IVG Overview

Founded in 1985, the Institute for Combustion and Gas Dynamics (IVG) conducts innovative research on high-temperature gas processes in engineering. Well known for its expertise on the prevention of soot formation, the IVG was among the first institutions to apply this knowledge to the production of valuable nanoparticles from the gas phase. Targeted synthesis and processing of such materials towards applications in the context of energy technology has become one main focus.

With its five chairs, Thermodynamics (Professor Burak Atakan), Nanoparticle Process Technology (Professor Markus Winterer), Particle Science and Technology (Professor Doris Segets), Reactive Fluids (Professor Christof Schulz), and Fluid Dynamics (Professor Andreas Kempf), the IVG covers a wide range of research on high-temperature reactions and processing of the generated materials into functional coatings. The team consists of around 100 scientists, including Profs. Kaiser, Mohri, Dreier, and Wiggers, Drs. Endres, Fikri, Özcan and Wlokas, and many postdocs and graduate students.

The IVG has unique experimental facilities and instruments, including reactors for nanoparticle synthesis up to the pilot scale, optically accessible internal combustion engines, and one of the world’s largest shock-tube laboratories for the investigation of high-temperature kinetics. A wide array of laser diagnostics enables the development and application of new strategies for quantitative in situ analysis of reactive flows. State of the art equipment for the characterization of powders, dispersions and coatings in combination with scalable processing (i.e., pilot scale roll-to-roll coating) assure that the generated materials can be tested in the systems context. The IVG also commands computational resources supporting its theoretical and modeling work.
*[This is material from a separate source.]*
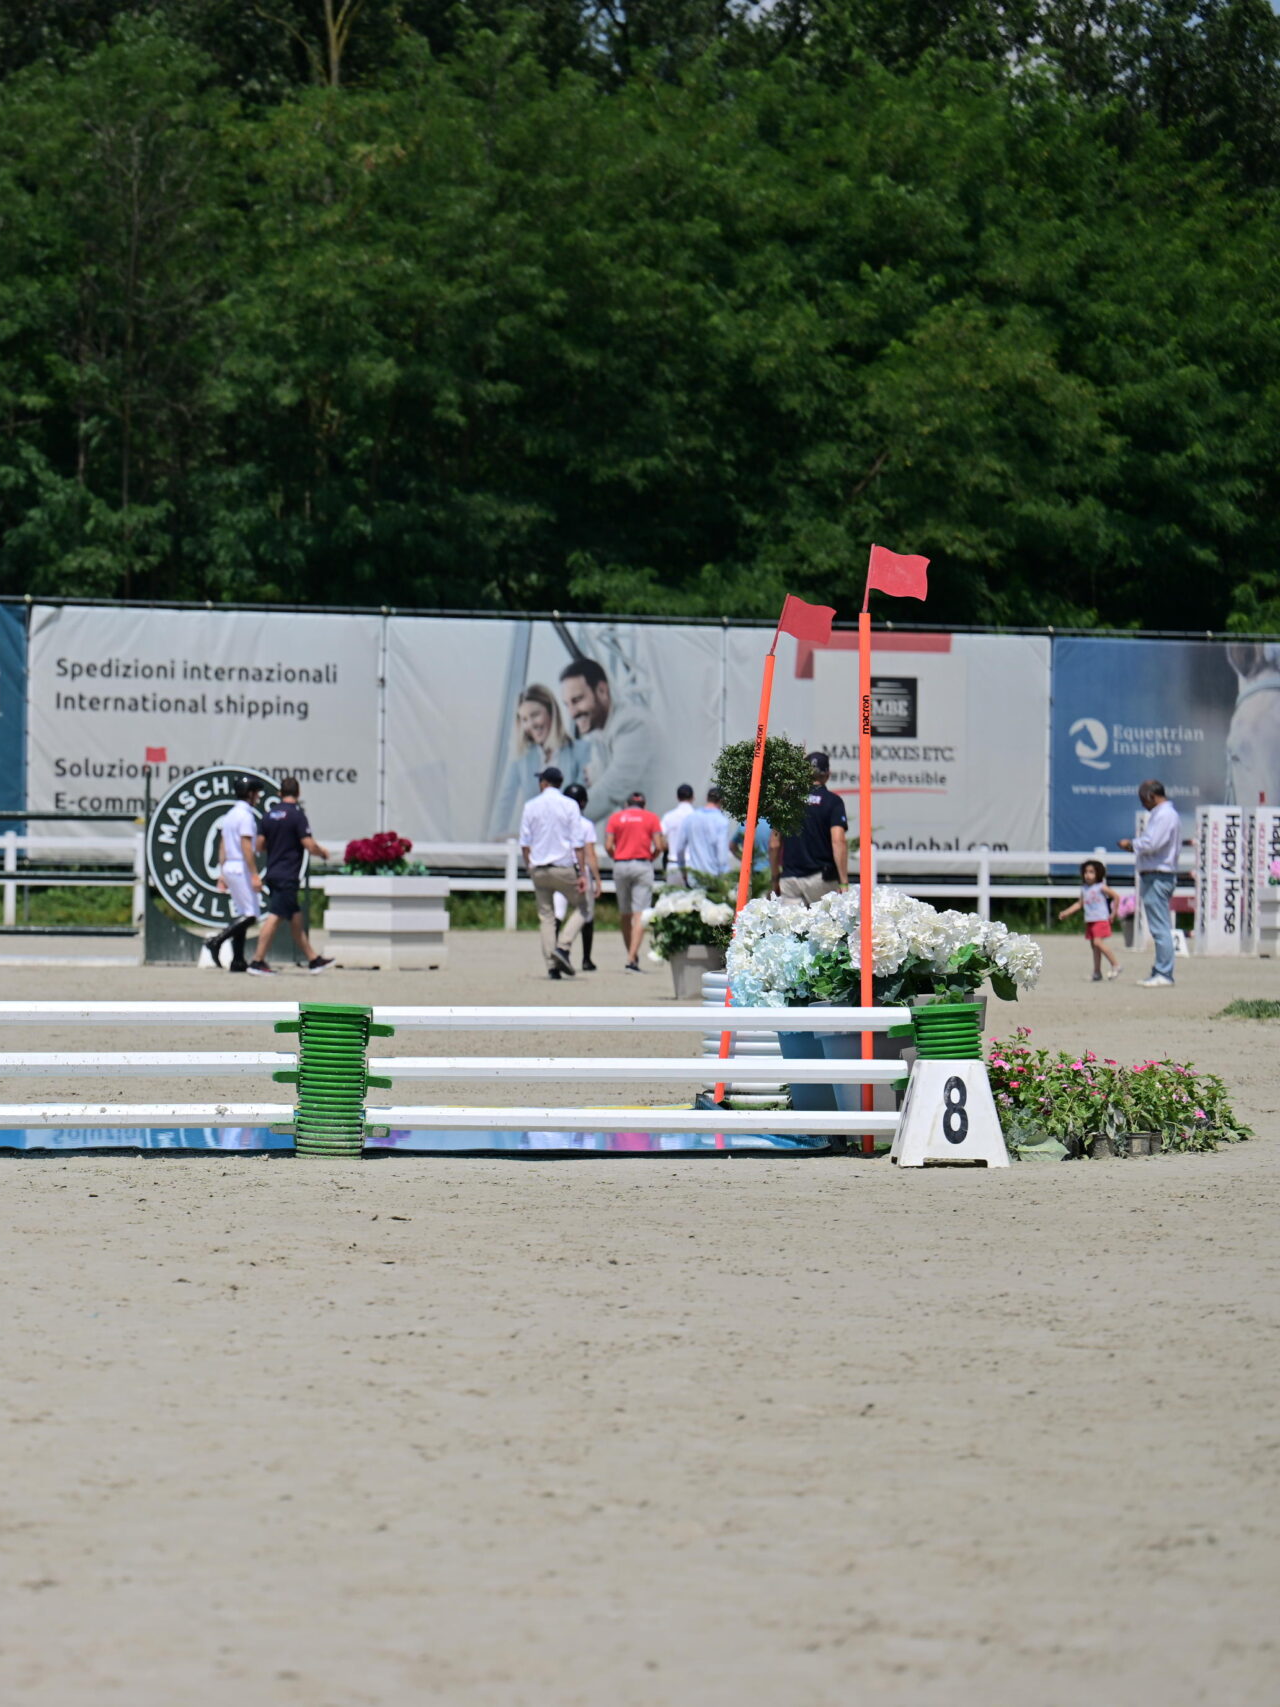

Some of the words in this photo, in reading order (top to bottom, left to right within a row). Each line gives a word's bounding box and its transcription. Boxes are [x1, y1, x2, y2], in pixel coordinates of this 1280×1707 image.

The IVG is a major contributor to undergraduate and postgraduate teaching, from thermodynamics, fluid mechanics, and combustion to chemical kinetics, laser diagnostics, particle technology, and numerical techniques. A total of fifteen doctoral degrees and sixty bachelor’s and master’s theses each year give evidence of the institute’s active role in educating the next generation of scientists and engineers.